I never stopped believing, though, that I had something to offer, not even for a second. I wasn’t planning on saving the world, not at all. I also didn’t really know what it was in particular that I had to offer, but perhaps that was the clue. Even though I didn’t have a clear idea what it was, I kept believing that it was something valuable, something good – this was true when I was a lousy gardener and musician, and it is still true now while I’m talking with you.
This reminds me of how after various tribulations, at 30 I was working for a while as a waitress. This job is usually done by students. One day, the barman, who was younger than me, said: “If I were to work as a waiter at your age, I would rather die!” I didn’t respond to that, but I thought: “What a ridiculous remark! I’m not a waitress, this isn’t something that defines me. This is my job at the moment. There will be other jobs.” Right now, while interviewing you, I also don’t identify solely as a journalist. Our job doesn’t define us; it’s not enough!

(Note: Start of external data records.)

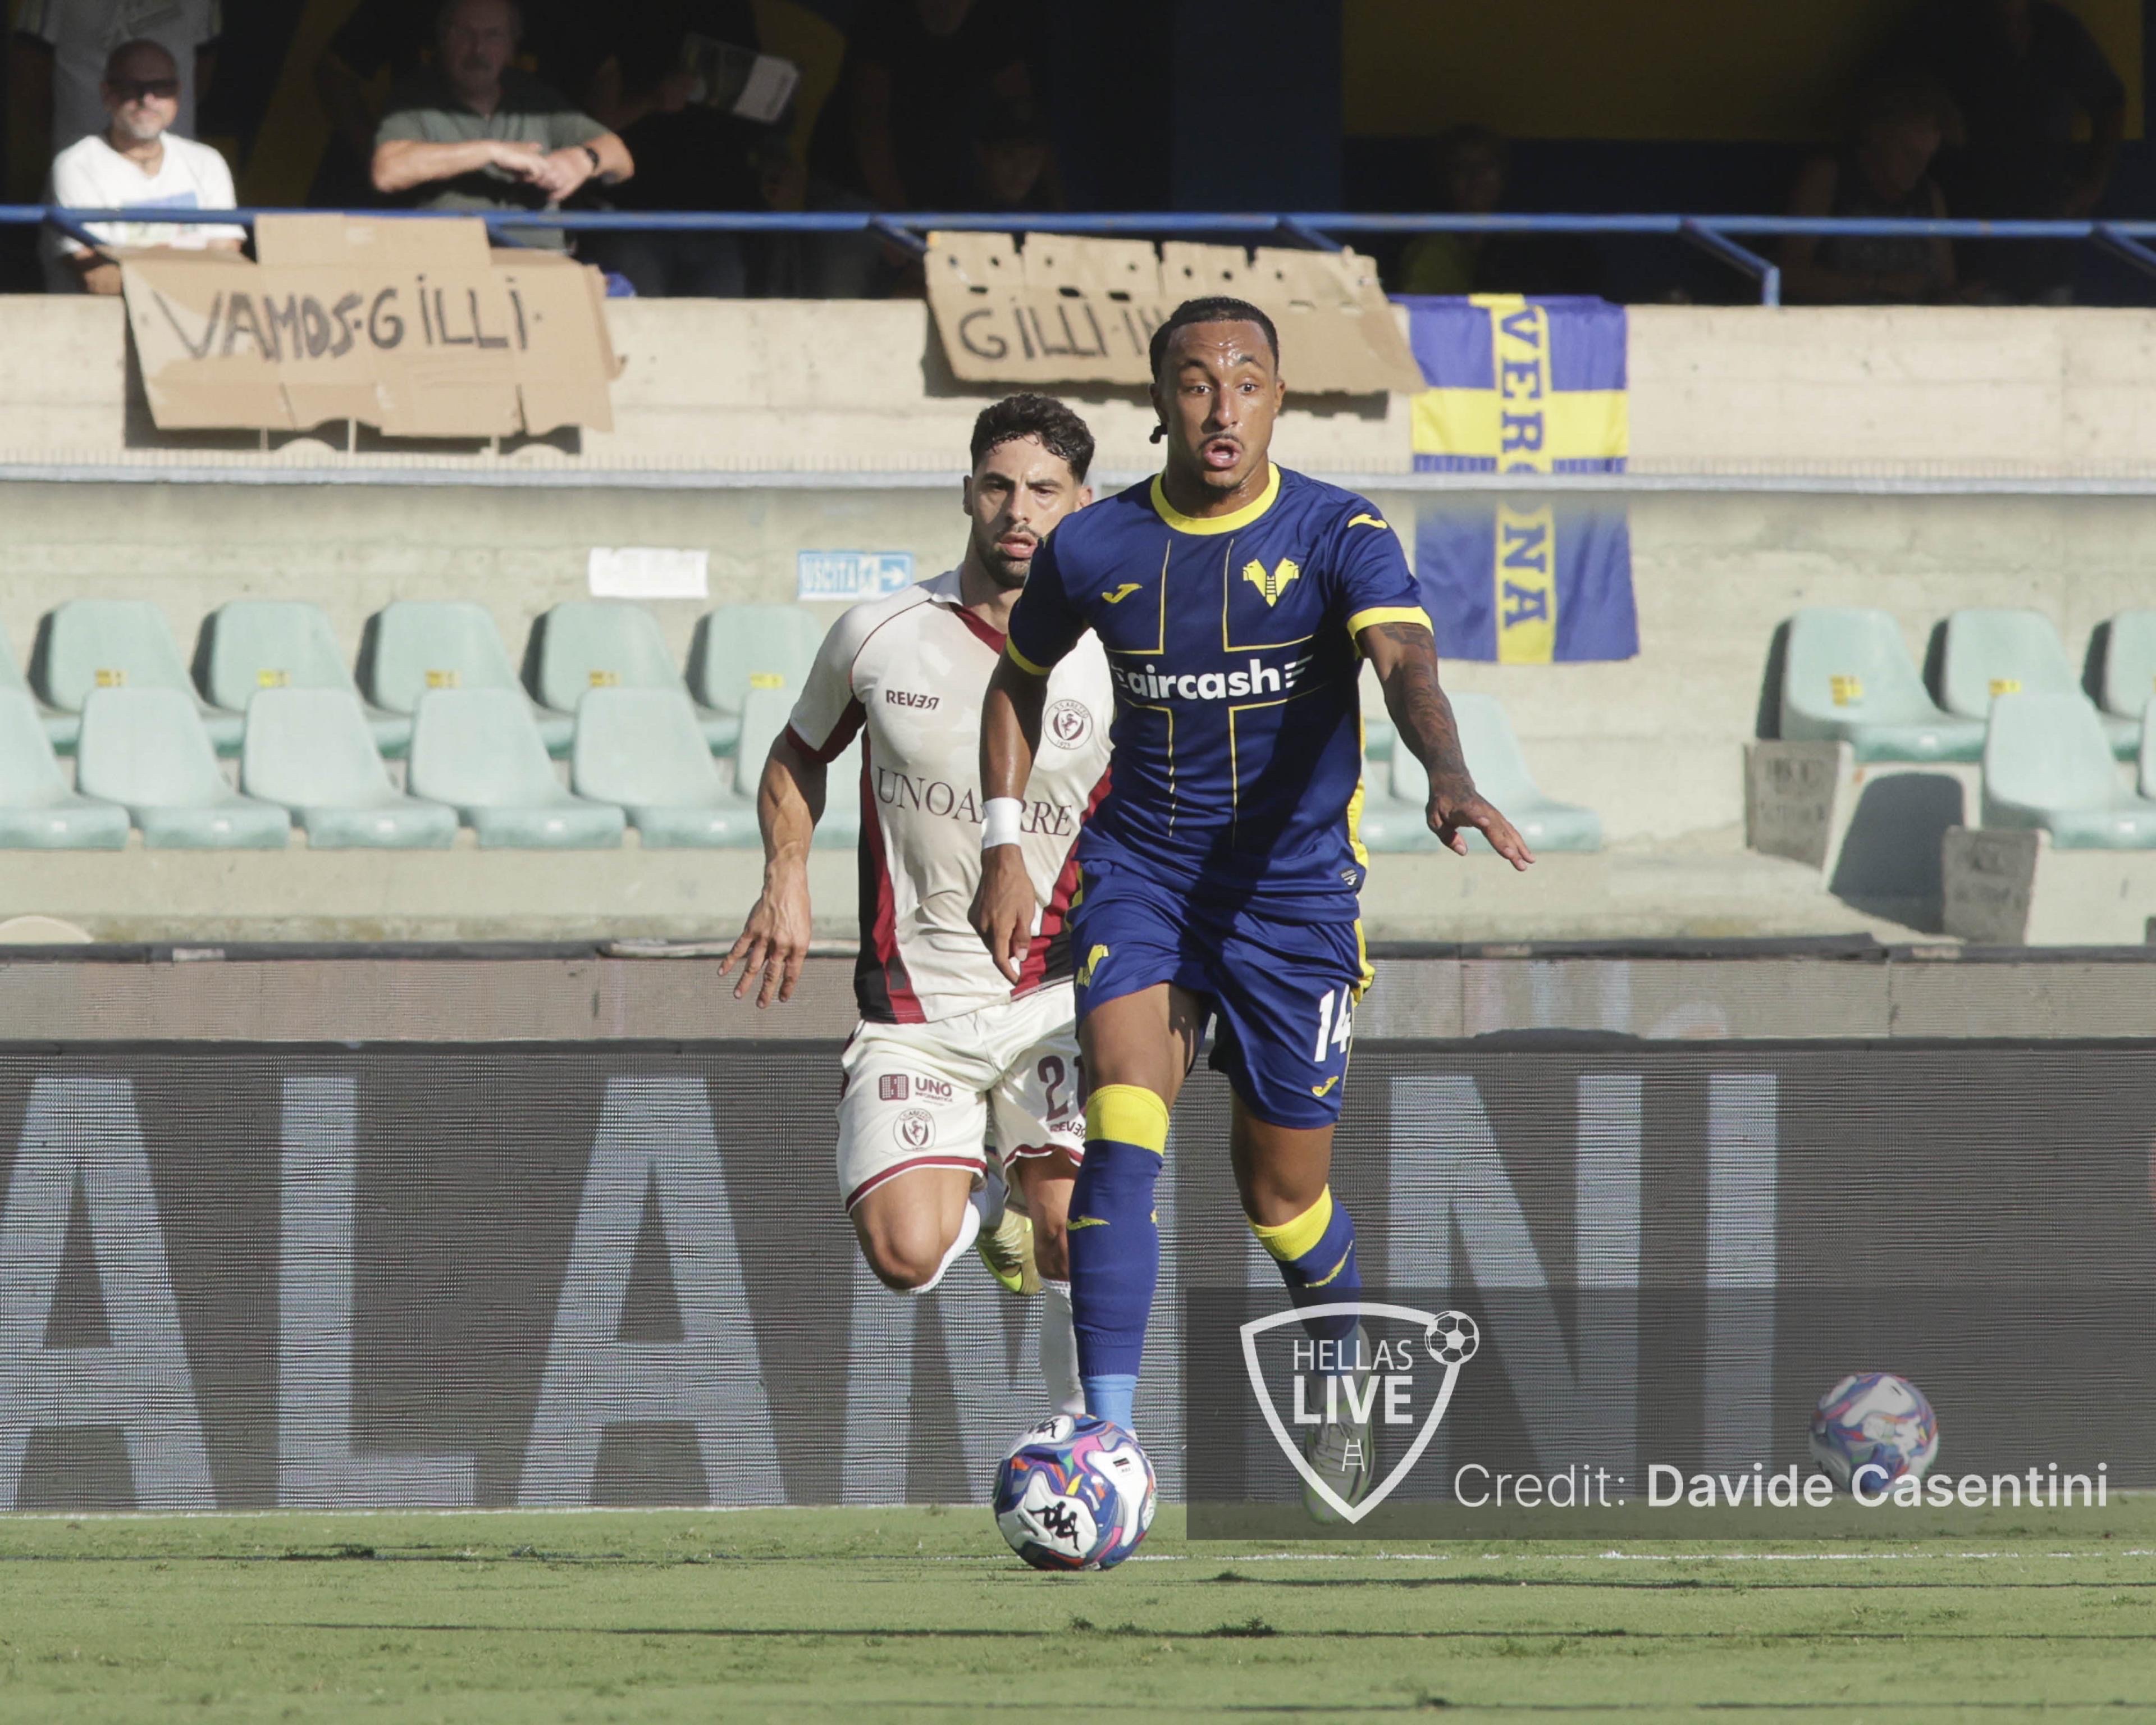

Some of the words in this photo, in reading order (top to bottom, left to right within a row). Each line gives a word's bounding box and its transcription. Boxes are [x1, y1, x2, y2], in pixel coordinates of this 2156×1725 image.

[1127, 658, 1281, 701] aircash
[1313, 984, 1351, 1062] 14
[915, 1076, 953, 1098] UNO
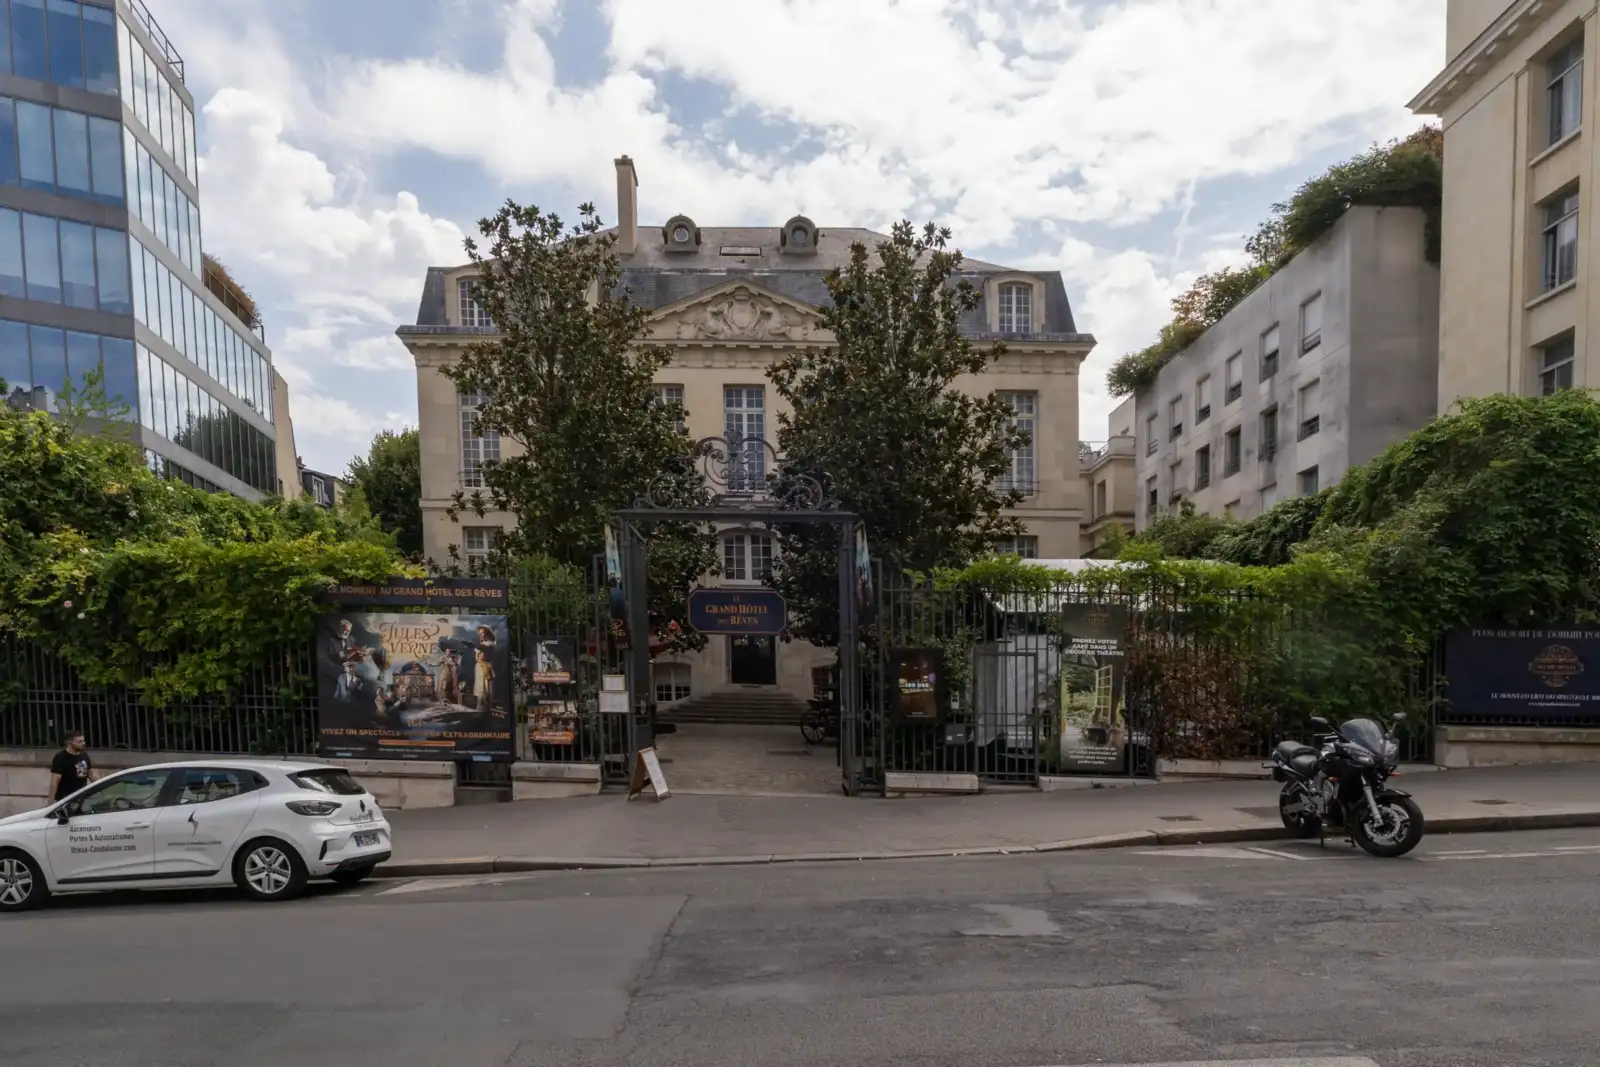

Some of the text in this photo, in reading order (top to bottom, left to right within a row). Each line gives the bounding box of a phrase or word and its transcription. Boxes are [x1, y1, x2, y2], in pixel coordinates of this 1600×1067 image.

[379, 587, 391, 595] AU
[393, 587, 423, 596] GRAND
[426, 586, 452, 596] HÔTEL
[456, 588, 472, 597] DES
[474, 586, 502, 598] RÊVES
[705, 604, 737, 613] GRAND
[379, 621, 440, 641] JULES
[390, 640, 439, 660] VERNE
[321, 728, 344, 736] VIVEZ
[443, 731, 511, 739] EXTRAORDINAIRE
[69, 825, 101, 833] Ascenseurs
[69, 835, 88, 843] Portes

Exactly! The process of upbringing should encourage a child’s uniqueness, by which I don’t mean something that leads to fame or unbelievable success. When one dreams about popularity, they dream about getting something from others, feeding on something. But what really matters is our ability to give. Everyone has something unique to offer. If you look at a child carefully – if you learn to actually listen to him or her – you will see it. Children who feel appreciated, valued, and loved will overcome any obstacle.
This is what I wish us and all the children of the world. Thank you for this conversation!
Wait, what’s your daughter’s name?
(This question was followed by many others, but that part of the conversation is subject to therapist confidentiality.)
Shai Orr:
A therapist, inventor of the Miraculous Parenting approach. He organizes workshops and inspires others. His books have changed the approach to parenting in Israel; now, he’s winning the hearts of parents across the world.